A Minor Annoyance: I would like to take a moment to complain about a minor annoyance in my day. In China everyone must boil the water to make it safe to drink, and then put it in these large canisters, like an oversize thermos. This keeps the water boiling hot all day, and so the teachers all drink boiling water. Boiling water just doesn't quench my thirst in that way you want it to, and I frequently need to take a sip of water, as my throat gets dry. So every night I put a glass of water in the fridge to get cold for the next morning when I teach. And every morning, the teacher will slip up while I'm busy with the students and go pour out my cold water and fill it with hot water. I am sure this is done with the kindest and most thoughtful of intentions, but the truth is it's a total bother. So I have taken to carrying my water with me, or keeping an eye on it at all times. It's become a sort of game. I refuse to show distaste for the kindness of others, so when I get handed a glass of boiling water in 90 degree weather, I must smile appreciatively and drink it.

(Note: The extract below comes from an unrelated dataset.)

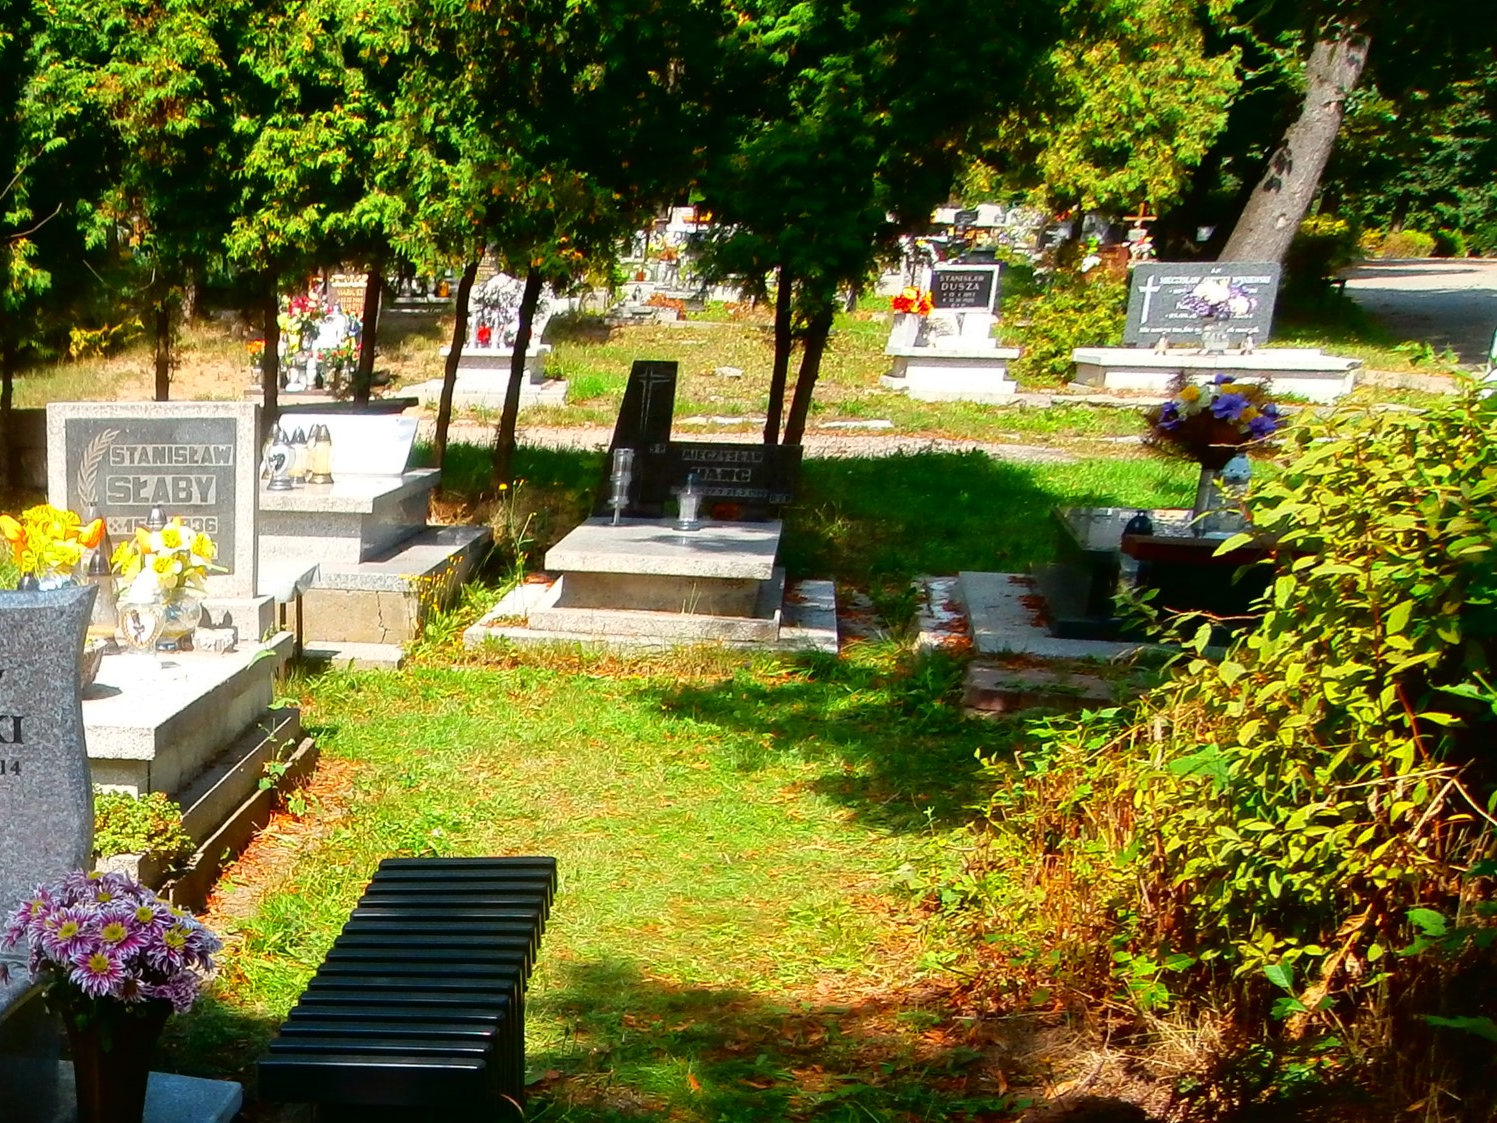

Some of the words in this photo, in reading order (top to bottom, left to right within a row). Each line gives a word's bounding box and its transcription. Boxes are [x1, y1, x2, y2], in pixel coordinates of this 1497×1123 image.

[940, 282, 980, 291] DUSZA
[110, 444, 233, 466] STANISŁAW
[106, 475, 216, 505] SŁABY

Thursday, September 17, 2009
And I was your silver lining, but now I'm gold
I love this job. I have had a few fleeting doubts about some things. Nothing here in China, but about the people I left behind. And between every class I get nervous all over again, and worried they'll catch me in my lie. I am not a real teacher. I am not really this confident and full of mirth. And yet, every single class, I come away with an adrenaline boost of joy. Every class full of fifty Chinese children I look at, I know I am about to win them over. So far, two hundred Chinese children under my belt.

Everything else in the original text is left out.